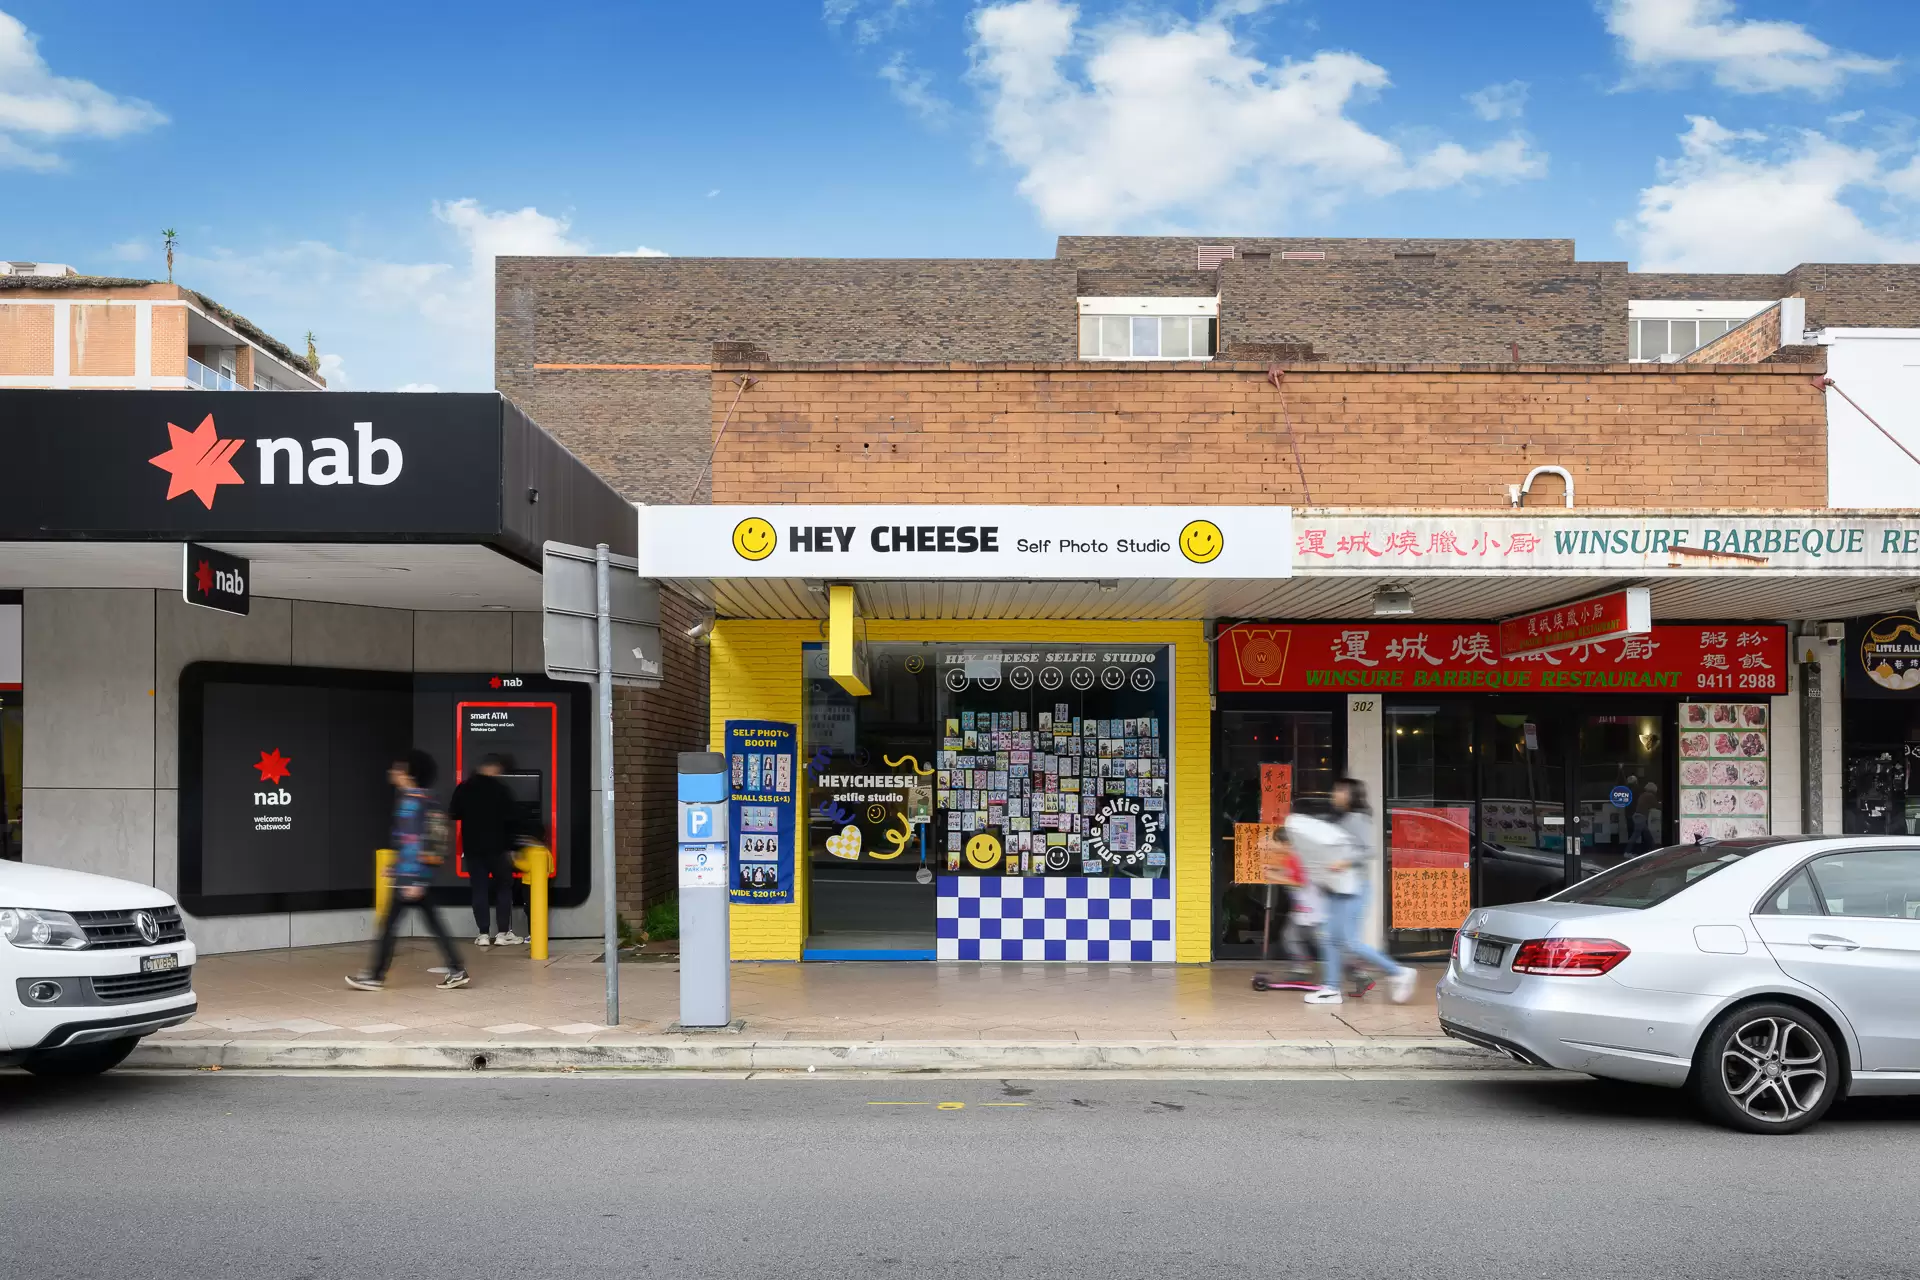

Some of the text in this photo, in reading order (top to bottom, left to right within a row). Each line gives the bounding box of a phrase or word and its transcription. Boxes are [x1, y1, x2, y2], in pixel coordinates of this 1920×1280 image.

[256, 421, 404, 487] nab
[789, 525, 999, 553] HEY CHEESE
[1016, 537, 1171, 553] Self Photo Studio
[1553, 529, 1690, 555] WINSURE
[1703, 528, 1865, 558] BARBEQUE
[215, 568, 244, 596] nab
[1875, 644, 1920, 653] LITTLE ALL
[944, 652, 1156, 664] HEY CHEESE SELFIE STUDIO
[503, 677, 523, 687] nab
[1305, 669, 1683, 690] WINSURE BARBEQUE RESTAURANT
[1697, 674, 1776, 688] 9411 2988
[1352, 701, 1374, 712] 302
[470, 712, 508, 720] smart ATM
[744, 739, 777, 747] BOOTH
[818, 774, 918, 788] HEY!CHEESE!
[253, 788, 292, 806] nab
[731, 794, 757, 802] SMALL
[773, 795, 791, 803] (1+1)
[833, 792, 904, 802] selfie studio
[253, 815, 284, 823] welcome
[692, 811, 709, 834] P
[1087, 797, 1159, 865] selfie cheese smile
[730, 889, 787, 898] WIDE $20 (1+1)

----

Apart from its pictures, the data is to be repeated exactly.

=== Result ===
Some of the text in this photo, in reading order (top to bottom, left to right within a row). Each line gives the bounding box of a phrase or word and its transcription. Boxes are [x1, y1, x2, y2], in pixel coordinates of this 1920×1280 image.

[256, 421, 404, 487] nab
[789, 525, 999, 553] HEY CHEESE
[1016, 537, 1171, 553] Self Photo Studio
[1553, 529, 1690, 555] WINSURE
[1703, 528, 1865, 558] BARBEQUE
[215, 568, 244, 596] nab
[1875, 644, 1920, 653] LITTLE ALL
[944, 652, 1156, 664] HEY CHEESE SELFIE STUDIO
[503, 677, 523, 687] nab
[1305, 669, 1683, 690] WINSURE BARBEQUE RESTAURANT
[1697, 674, 1776, 688] 9411 2988
[1352, 701, 1374, 712] 302
[470, 712, 508, 720] smart ATM
[744, 739, 777, 747] BOOTH
[818, 774, 918, 788] HEY!CHEESE!
[253, 788, 292, 806] nab
[731, 794, 757, 802] SMALL
[773, 795, 791, 803] (1+1)
[833, 792, 904, 802] selfie studio
[253, 815, 284, 823] welcome
[692, 811, 709, 834] P
[1087, 797, 1159, 865] selfie cheese smile
[730, 889, 787, 898] WIDE $20 (1+1)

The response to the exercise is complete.